First class had been filled when Arch Patton had sought to change his ticket to fly with her. She always flew first class. It was one of the perks that went with being a senior executive of a publishing organization. Arch was coach. There was no help for it. He’d made the trip up into first class to visit with her three times but had been turned back by attendants on all three intrusions.

He flew in coach with his partner Sam the Man. A knuckle dragger of epic proportions. A huge man who could not be hidden or disguised. Arch hated working with such men but his position of Mission Commander, CIA Operations did not give him much leeway. If it weren’t Knox the Ox then it would be somebody of equally ridiculous presentation. The Agency had little understanding of what true effective fieldwork was like, mostly because filed people like Arch himself seldom told them anything of the truth. The truth meant getting limited in options. The truth meant getting decision makers making decisions from Langley and not the field. So analysts were always lied to. They knew it. Operations knew it but nobody ever did anything about it.

The sex had been astounding with Merril. Merril Johnson she went by, although Arch had not had a chance to check it out. She had drawn him in the night before with stockings and a garter belt. Arch had caught a glimpse, which had caused her to smile and then approach him. “Like what you see?” she’d asked. He’d been stunned at her observation of his own observation and unable to respond.

The woman had no reservations about anything sexual. Any and all of it. Things Arch had only imagined. They’d done them all. To the point that Arch had faked his shower the morning after simply because he didn’t want to lose her scent. What was love if not that? What kind of attractant could take a man of middle age and draw him in like a hugely powerful steel magnet, only to release him when all of his iron had passed over or expended itself completely?
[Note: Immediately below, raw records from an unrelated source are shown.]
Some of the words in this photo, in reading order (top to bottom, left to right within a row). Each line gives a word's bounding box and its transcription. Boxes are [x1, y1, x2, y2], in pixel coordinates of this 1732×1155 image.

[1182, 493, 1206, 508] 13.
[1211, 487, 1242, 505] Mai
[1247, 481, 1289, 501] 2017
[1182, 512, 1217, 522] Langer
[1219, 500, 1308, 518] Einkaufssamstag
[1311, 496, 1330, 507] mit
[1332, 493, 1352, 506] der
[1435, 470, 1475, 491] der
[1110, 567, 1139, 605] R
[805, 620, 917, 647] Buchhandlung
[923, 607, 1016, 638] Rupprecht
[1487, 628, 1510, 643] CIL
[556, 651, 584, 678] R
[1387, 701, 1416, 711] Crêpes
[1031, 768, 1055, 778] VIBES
The plane flew on through the night. She’d asked him if he was gay, before they’d gone to the same room in Paris. He’d laughed so hard tears had come to his eyes. Gay. No, not that, but he had told her he came with a certain amount of baggage. He just hadn’t mention what the baggage was. From the point of meeting him onward she would be a person of interest to the CIA for the rest of her days. Just upon meeting him her file would grow from some nothing to pages of data. The Agency did its homework very well, fed by the mega-databases of NSA and the NRO. Any friend or lover of a CIA agent was an immediate minor star among analysis operatives of several agencies.

Arch had been in love once before while attending college. A Midwestern college of great quality, but unknown by most. The woman had been a disciple of Catholicism and had finally had to choose between going away with Arch and going off to become a Nun. She’d chosen the priory in the end. She’d seemed to be more sorry than Arch although the weight on his heart had been immeasurable heavy.
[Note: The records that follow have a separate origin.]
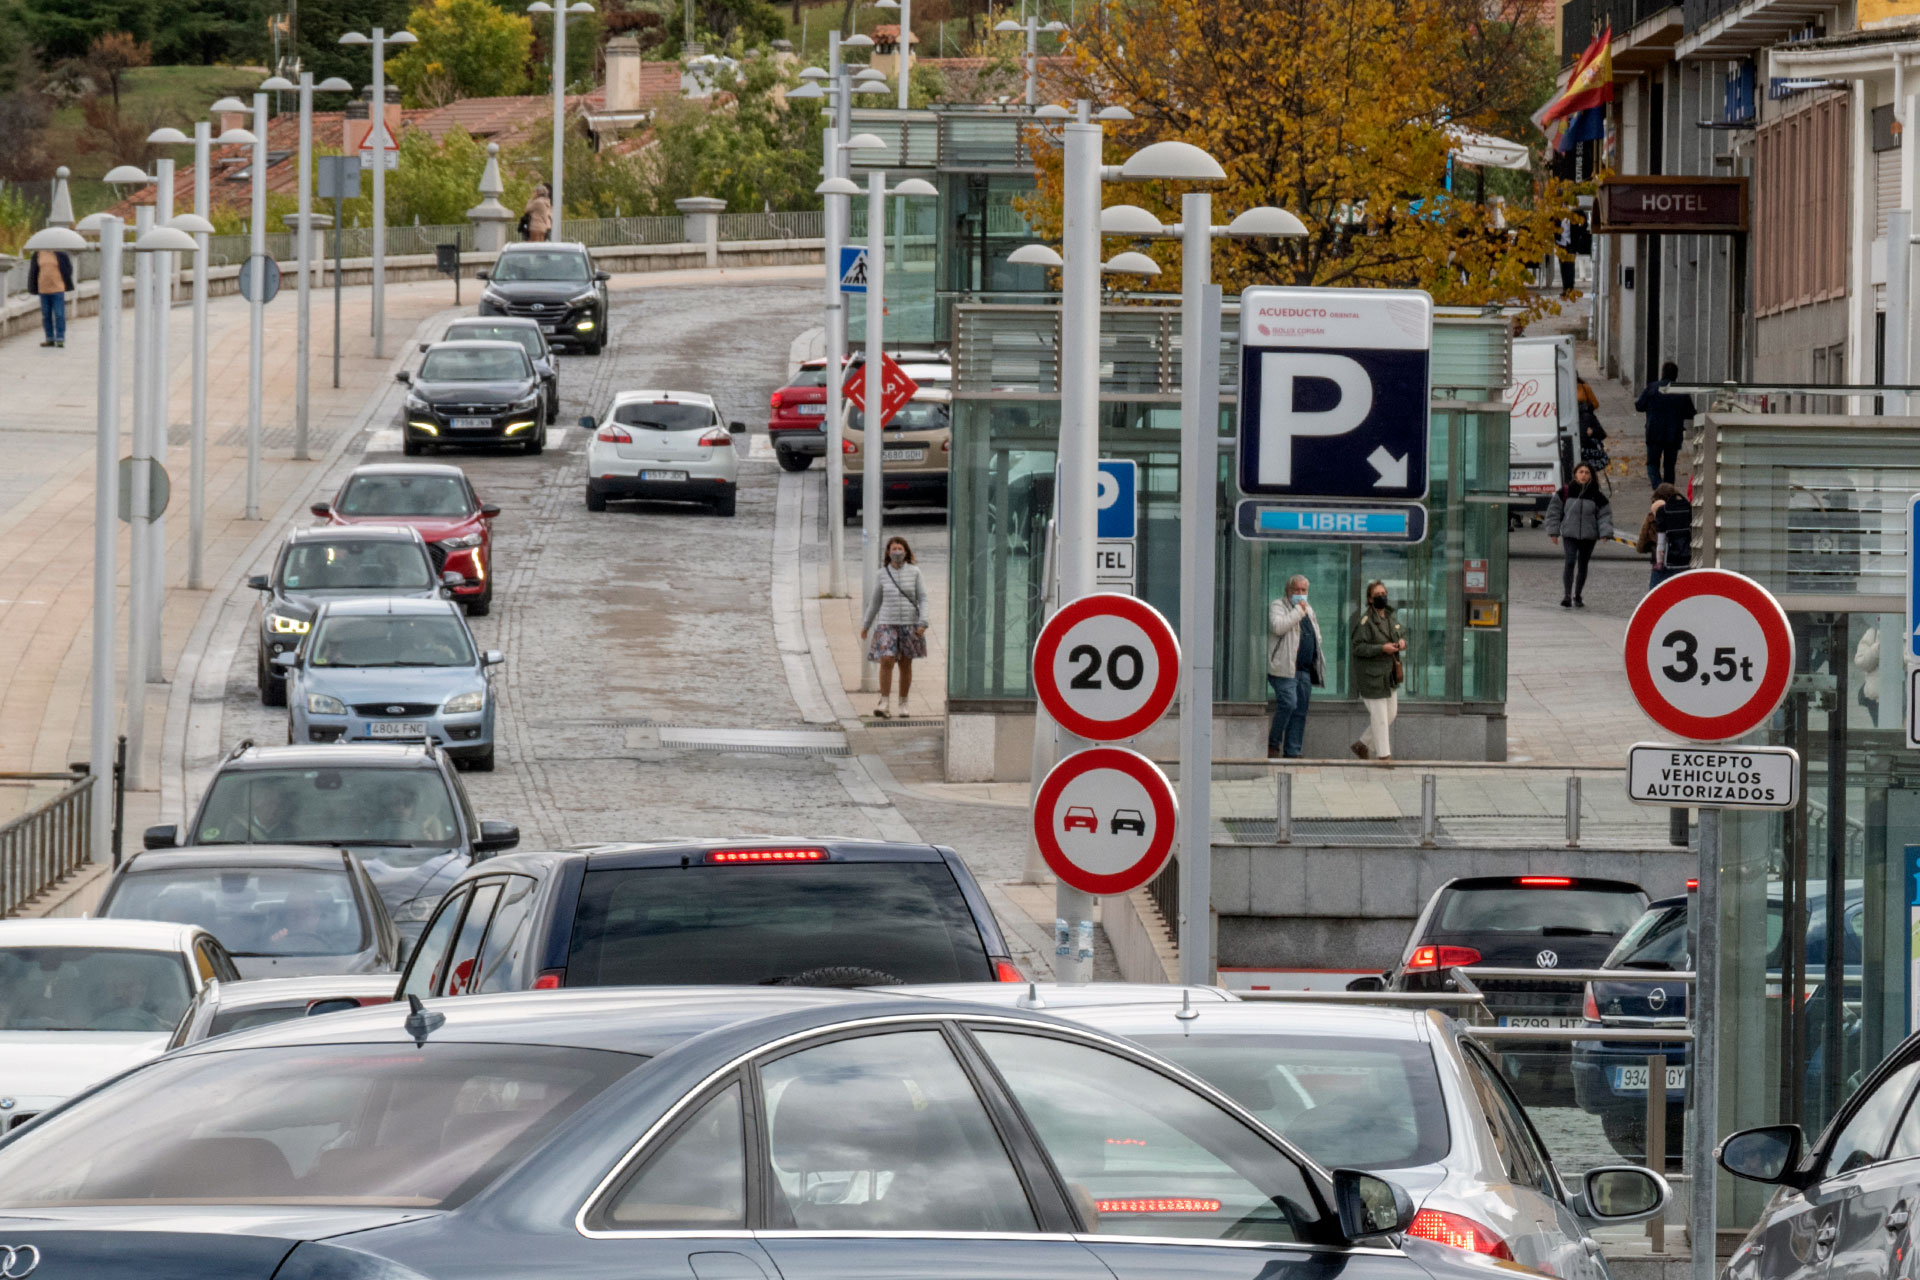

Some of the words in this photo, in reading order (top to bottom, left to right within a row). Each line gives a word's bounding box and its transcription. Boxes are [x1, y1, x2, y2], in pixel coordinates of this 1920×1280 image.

[1642, 194, 1708, 211] HOTEL
[1259, 307, 1327, 318] ACUEDUCTO
[1258, 352, 1373, 486] P
[1512, 471, 1530, 481] 2271
[1533, 471, 1548, 481] JZY
[1298, 512, 1369, 532] LIBRE
[1097, 551, 1126, 569] TEL
[1662, 629, 1754, 686] 3,5t
[1069, 644, 1144, 691] 20
[372, 723, 400, 734] 4804
[402, 723, 424, 734] FNC
[1671, 753, 1753, 769] EXCEPTO
[1661, 769, 1762, 785] VEHICULOS
[1646, 783, 1776, 801] AUTORIZADOS
[1511, 1018, 1550, 1028] 6799
[1560, 1018, 1583, 1028] HT
[1624, 1069, 1647, 1086] 934
[1665, 1069, 1685, 1086] GY
Approaching JohannesburgSam slept next to him. Fortunately, they had the two seats next to the window on the isle. 747s seemed to be disappearing in favor of two engine airliners but the configuration they were in allowed for Sam’s snoring and sprawling about while allowing Arch’s frequent wanderings around the confines of the cabin.

He slipped through the barrier of first class once again. The attendants were forward behind curtains getting ready for another level of service their sleeping charges didn’t really want or need.

Merril was one of the passengers asleep. Arch crept up next to her. She’d fallen asleep with her tray down, laptop out and briefcase open at her feet. Arch smiled. He would not wake her. He was about to drift back to coach unnoticed when he saw the leather book sticking out of her case. A beautiful brown thing with gold edged pages. Almost without his conscious will Arch’s right hand snaked down and removed the volume. He knew what he was doing was unforgivable, even if the book only ended up containing Merril’s most important addresses.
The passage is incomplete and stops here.